* **WHAT YOU NEED TO DO**
In your transcription, keep every record exact and leave out the pictures.

* **GIVEN DATA**
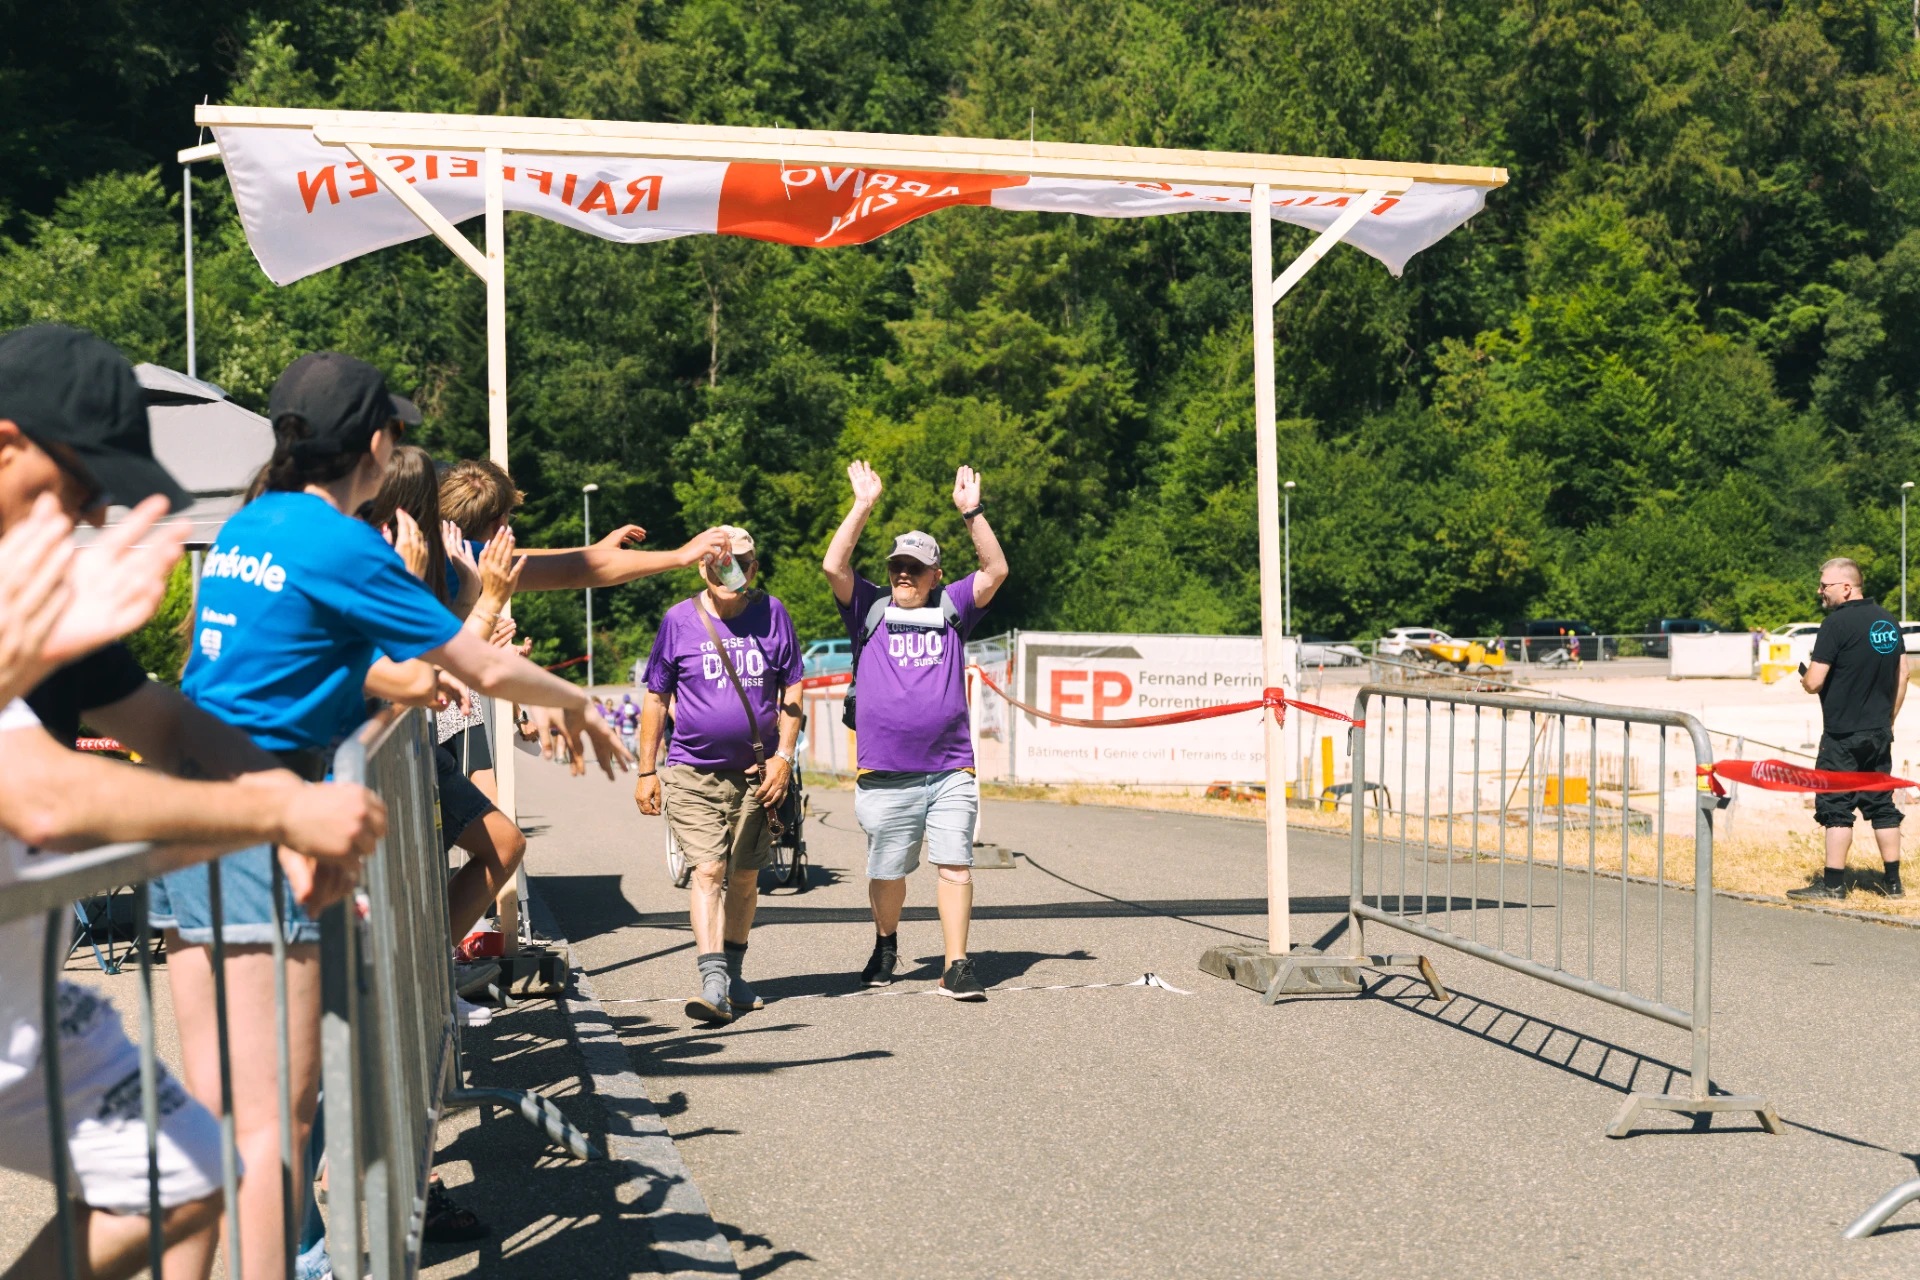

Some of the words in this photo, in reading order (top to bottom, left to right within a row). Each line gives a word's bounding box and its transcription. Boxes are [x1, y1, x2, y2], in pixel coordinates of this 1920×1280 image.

[202, 544, 286, 592] énévole
[700, 637, 745, 652] CORSE
[889, 631, 942, 658] DUO
[703, 649, 764, 680] DUO
[738, 677, 764, 688] UISSE
[1138, 671, 1207, 686] Fernand
[1214, 672, 1263, 687] Perrin
[1050, 670, 1133, 727] FP
[1027, 746, 1089, 758] Bâtiments
[1142, 747, 1166, 759] civil
[1180, 748, 1227, 761] Terrains
[1231, 749, 1246, 761] de
[1752, 761, 1829, 789] RAIFFEISEN

* **SOLUTION TO THIS TASK**
Some of the words in this photo, in reading order (top to bottom, left to right within a row). Each line gives a word's bounding box and its transcription. Boxes are [x1, y1, x2, y2], in pixel coordinates of this 1920×1280 image.

[202, 544, 286, 592] énévole
[700, 637, 745, 652] CORSE
[889, 631, 942, 658] DUO
[703, 649, 764, 680] DUO
[738, 677, 764, 688] UISSE
[1138, 671, 1207, 686] Fernand
[1214, 672, 1263, 687] Perrin
[1050, 670, 1133, 727] FP
[1027, 746, 1089, 758] Bâtiments
[1142, 747, 1166, 759] civil
[1180, 748, 1227, 761] Terrains
[1231, 749, 1246, 761] de
[1752, 761, 1829, 789] RAIFFEISEN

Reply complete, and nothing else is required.